The doctors and nurses were incredible. They worked non-stop, under incredibly stressful conditions. Many didn’t know where their loved ones were, or whether they had survived, and there was no way to contact the outside world. Many lost everything to the flood waters, tornadoes, and fallen trees. And still, they worked 12-hour shifts (sometimes longer).
But one of the first hurdles they had to contend with was the effects of EMTALA in a disaster situation. [EMTALA is a federal law under which hospitals can be sued if they turn away patients needing emergency medical treatment. — ed.] Under EMTALA, ER physicians are cautious to the point of absurdity. But as the hospital quickly filled to capacity with seriously ill and injured patients, the ER was able to attend to life-or-death situations only. Strict triage procedures were needed to separate the “worried well” from the dying. Medical care really was a limited commodity. Although the magnitude of the catastrophe was clear to all, some patients and their families couldn’t understand that minor boo-boos didn’t merit immediate care (much less admission to the hospital, where it was air-conditioned and they could get a hot meal).

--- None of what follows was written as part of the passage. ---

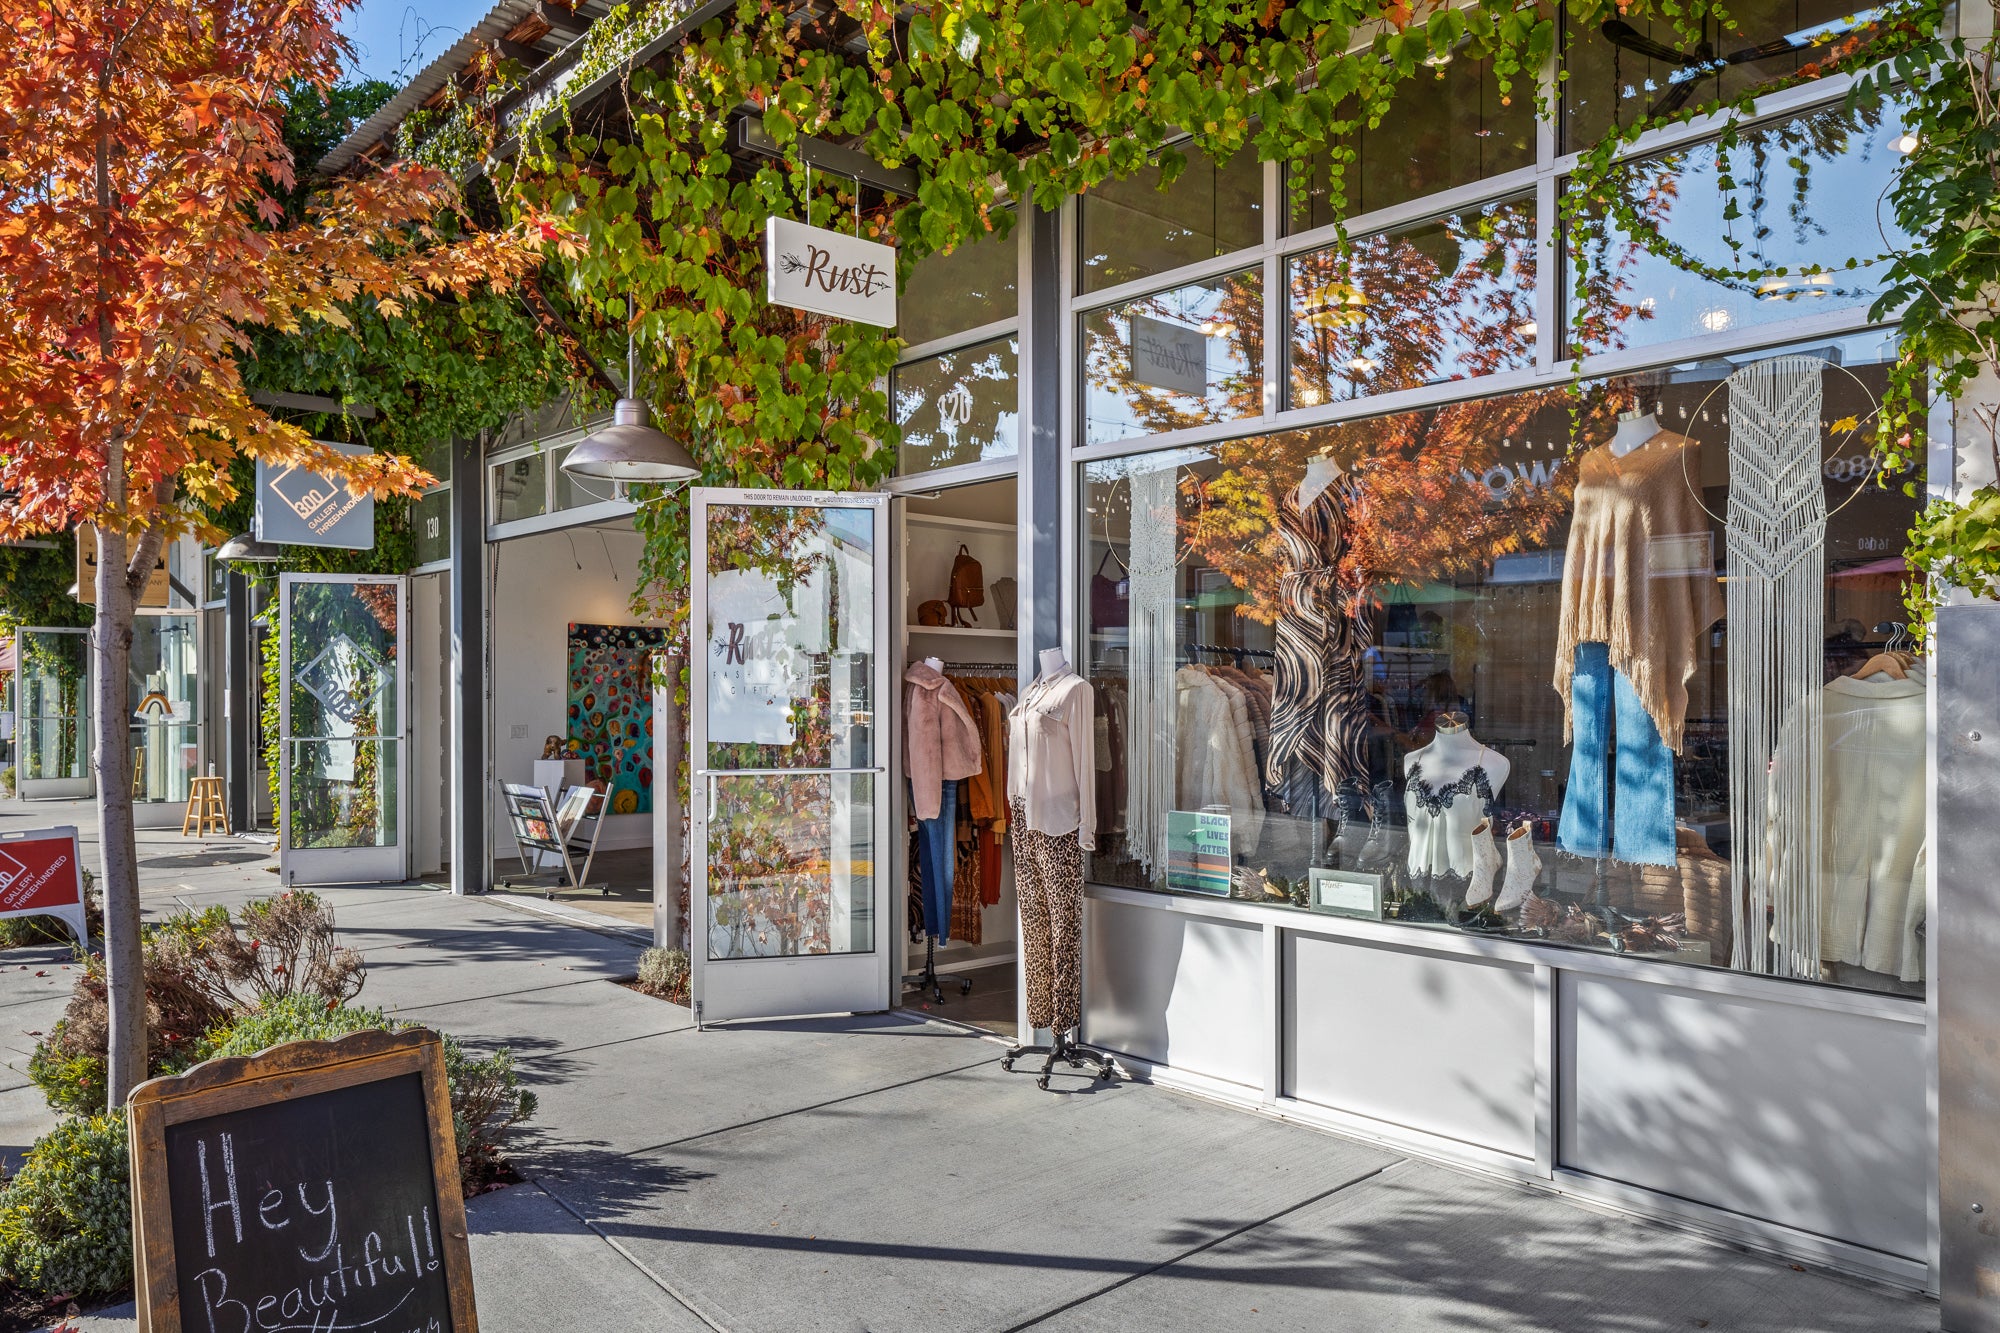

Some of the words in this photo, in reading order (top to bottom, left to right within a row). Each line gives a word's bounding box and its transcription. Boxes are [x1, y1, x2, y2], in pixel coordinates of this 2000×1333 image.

So, my concern is this: once the rubble is cleared and the power restored, the plaintiffs’ lawyers will ooze back into the scene — that this was a disaster situation won’t matter one iota — and they’ll use EMTALA to file lawsuit after lawsuit.
I really hope I’m wrong. But only time will tell.
“New liability frontier: instant messages”
As usual in the business context, spontaneous = dangerous, at least in a legal sense. “You can try to control it through policy,” says one consultant who advises companies on electronic discovery and risk management. “Or you can lock down the technology so people can’t do it.” (Dee McAree, National Law Journal, Aug. 31).